----- Data for review
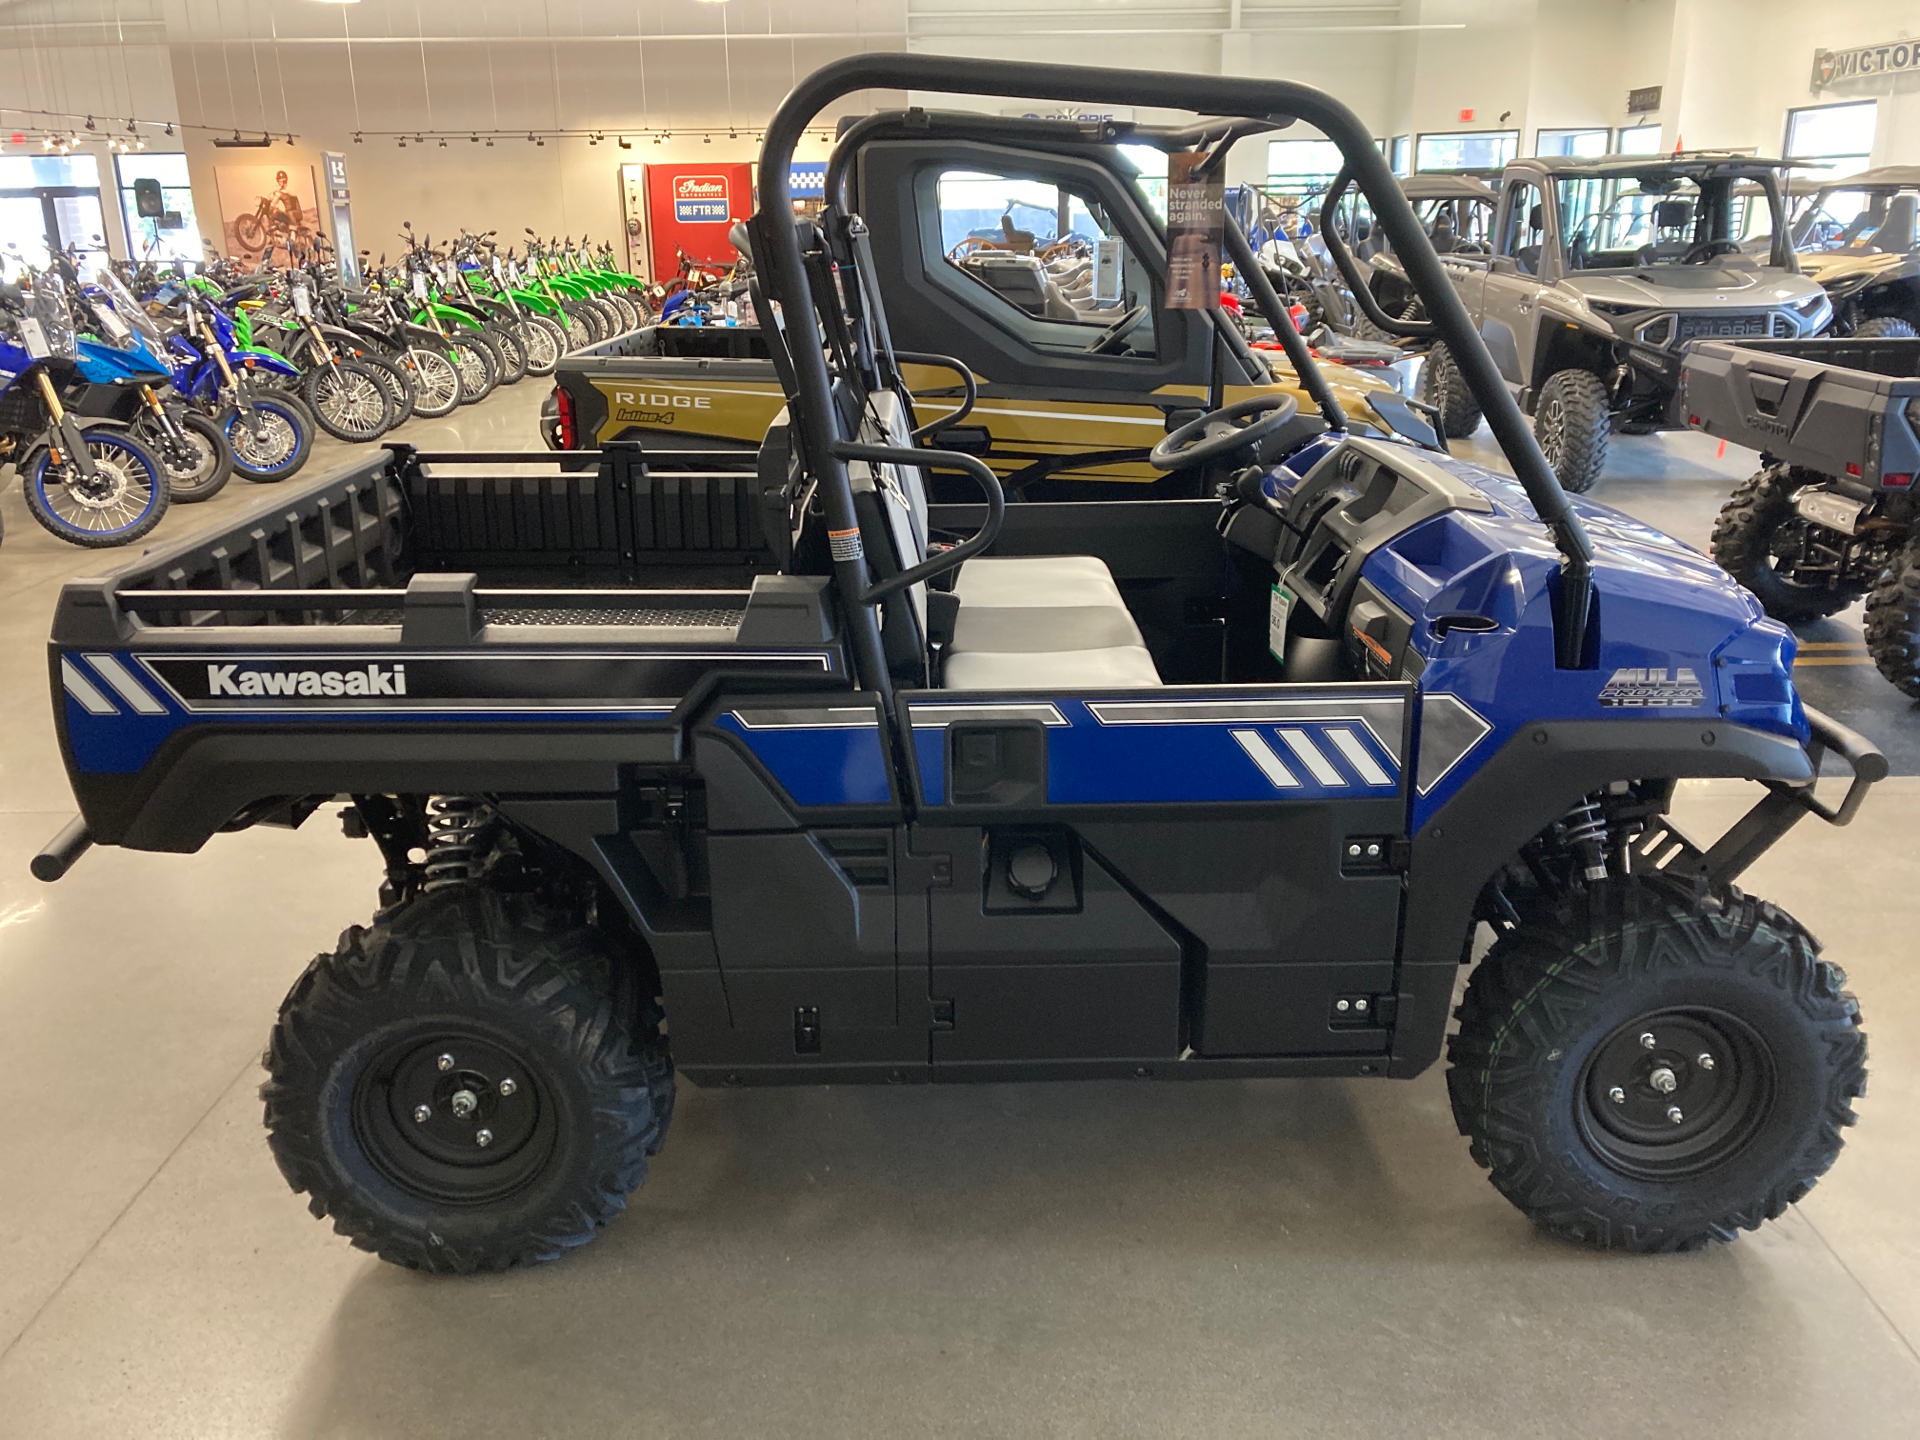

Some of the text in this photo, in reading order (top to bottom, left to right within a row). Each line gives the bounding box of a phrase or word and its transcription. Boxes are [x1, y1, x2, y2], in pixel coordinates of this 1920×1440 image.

[678, 179, 723, 194] Indian
[1169, 188, 1206, 199] Never
[692, 204, 712, 216] FTR
[1169, 198, 1223, 211] stranded
[1169, 211, 1206, 223] again.
[1681, 323, 1763, 337] POLARIS
[615, 391, 711, 409] RIDGE
[616, 408, 675, 424] Inline-4
[207, 664, 407, 696] Kawasaki
[1604, 668, 1701, 689] MULE
[1611, 698, 1694, 706] 1000
----------
If a picture appears among the entries, omit it and reproduce everything else exactly.

Task result
Some of the text in this photo, in reading order (top to bottom, left to right within a row). Each line gives the bounding box of a phrase or word and its transcription. Boxes are [x1, y1, x2, y2], in pixel coordinates of this 1920×1440 image.

[678, 179, 723, 194] Indian
[1169, 188, 1206, 199] Never
[692, 204, 712, 216] FTR
[1169, 198, 1223, 211] stranded
[1169, 211, 1206, 223] again.
[1681, 323, 1763, 337] POLARIS
[615, 391, 711, 409] RIDGE
[616, 408, 675, 424] Inline-4
[207, 664, 407, 696] Kawasaki
[1604, 668, 1701, 689] MULE
[1611, 698, 1694, 706] 1000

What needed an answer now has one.